(Dataset records)
[Start of Attachment]
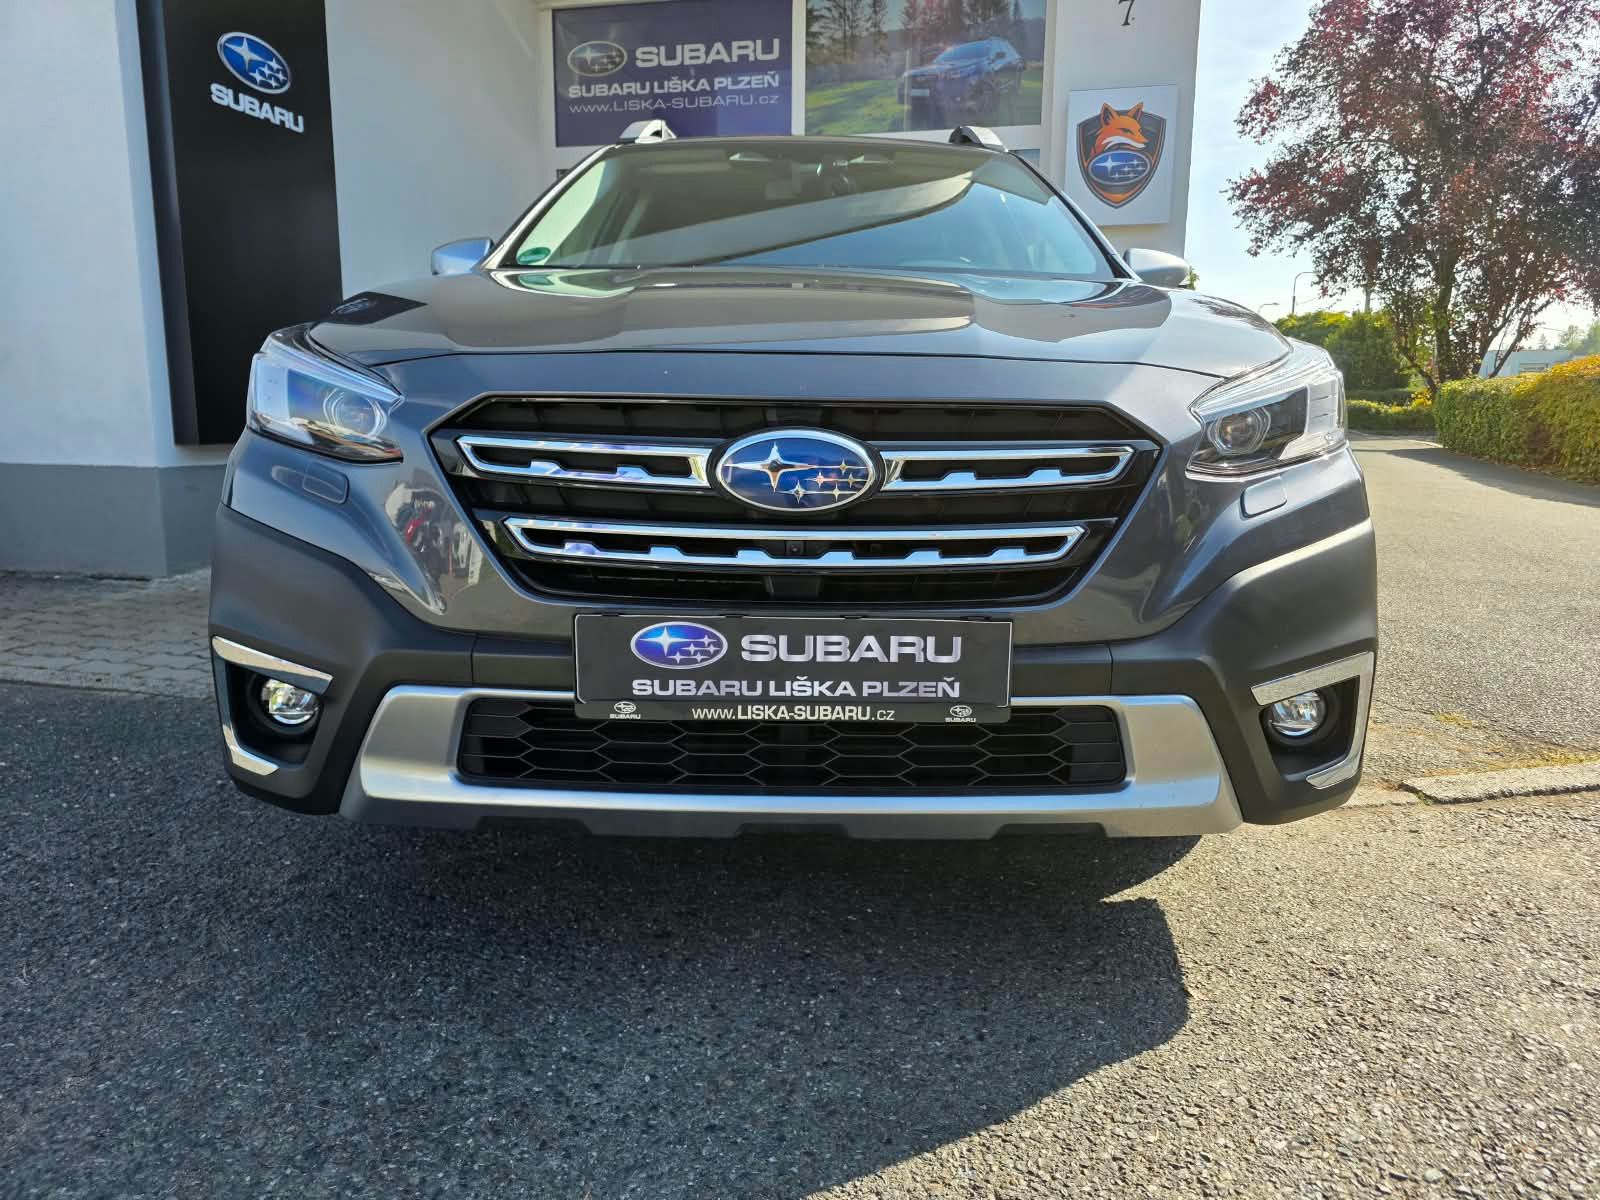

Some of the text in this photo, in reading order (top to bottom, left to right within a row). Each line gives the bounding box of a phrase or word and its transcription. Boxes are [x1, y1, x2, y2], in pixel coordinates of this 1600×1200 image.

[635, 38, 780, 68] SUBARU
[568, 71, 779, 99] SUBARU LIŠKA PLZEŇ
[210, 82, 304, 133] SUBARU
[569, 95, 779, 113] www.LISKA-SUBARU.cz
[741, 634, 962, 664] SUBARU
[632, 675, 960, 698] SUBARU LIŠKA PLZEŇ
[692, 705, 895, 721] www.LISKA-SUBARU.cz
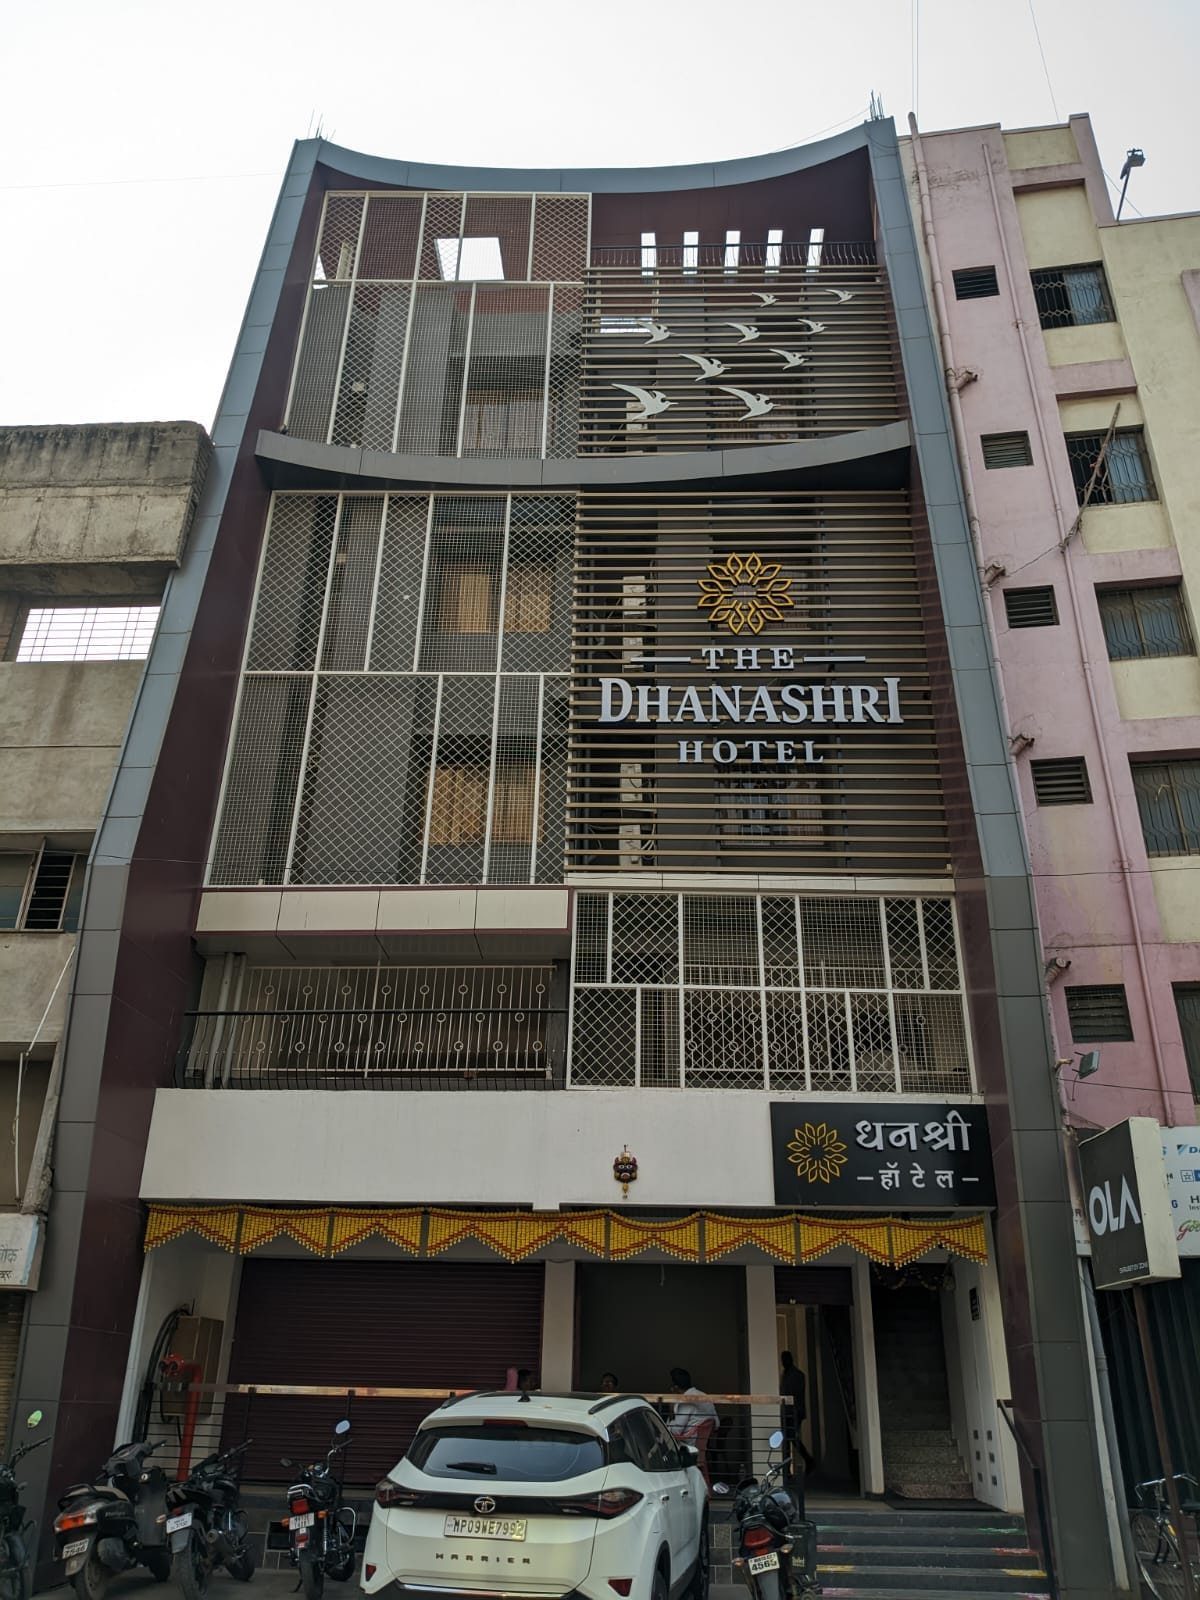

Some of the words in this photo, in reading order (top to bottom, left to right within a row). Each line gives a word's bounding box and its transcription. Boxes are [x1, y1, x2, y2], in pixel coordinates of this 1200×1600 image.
[End of Attachment]
**Assignment:** Repeat the records above exactly, without pictures.

**Result:**
Some of the text in this photo, in reading order (top to bottom, left to right within a row). Each line gives the bounding box of a phrase or word and its transcription. Boxes are [x1, y1, x2, y2], in pixel coordinates of this 1600×1200 image.

[635, 38, 780, 68] SUBARU
[568, 71, 779, 99] SUBARU LIŠKA PLZEŇ
[210, 82, 304, 133] SUBARU
[569, 95, 779, 113] www.LISKA-SUBARU.cz
[741, 634, 962, 664] SUBARU
[632, 675, 960, 698] SUBARU LIŠKA PLZEŇ
[692, 705, 895, 721] www.LISKA-SUBARU.cz

Some of the words in this photo, in reading order (top to bottom, left to right within a row). Each line gives a word's bounding box and its transcription. Boxes are [x1, y1, x2, y2], in pixel coordinates of this 1200×1600 image.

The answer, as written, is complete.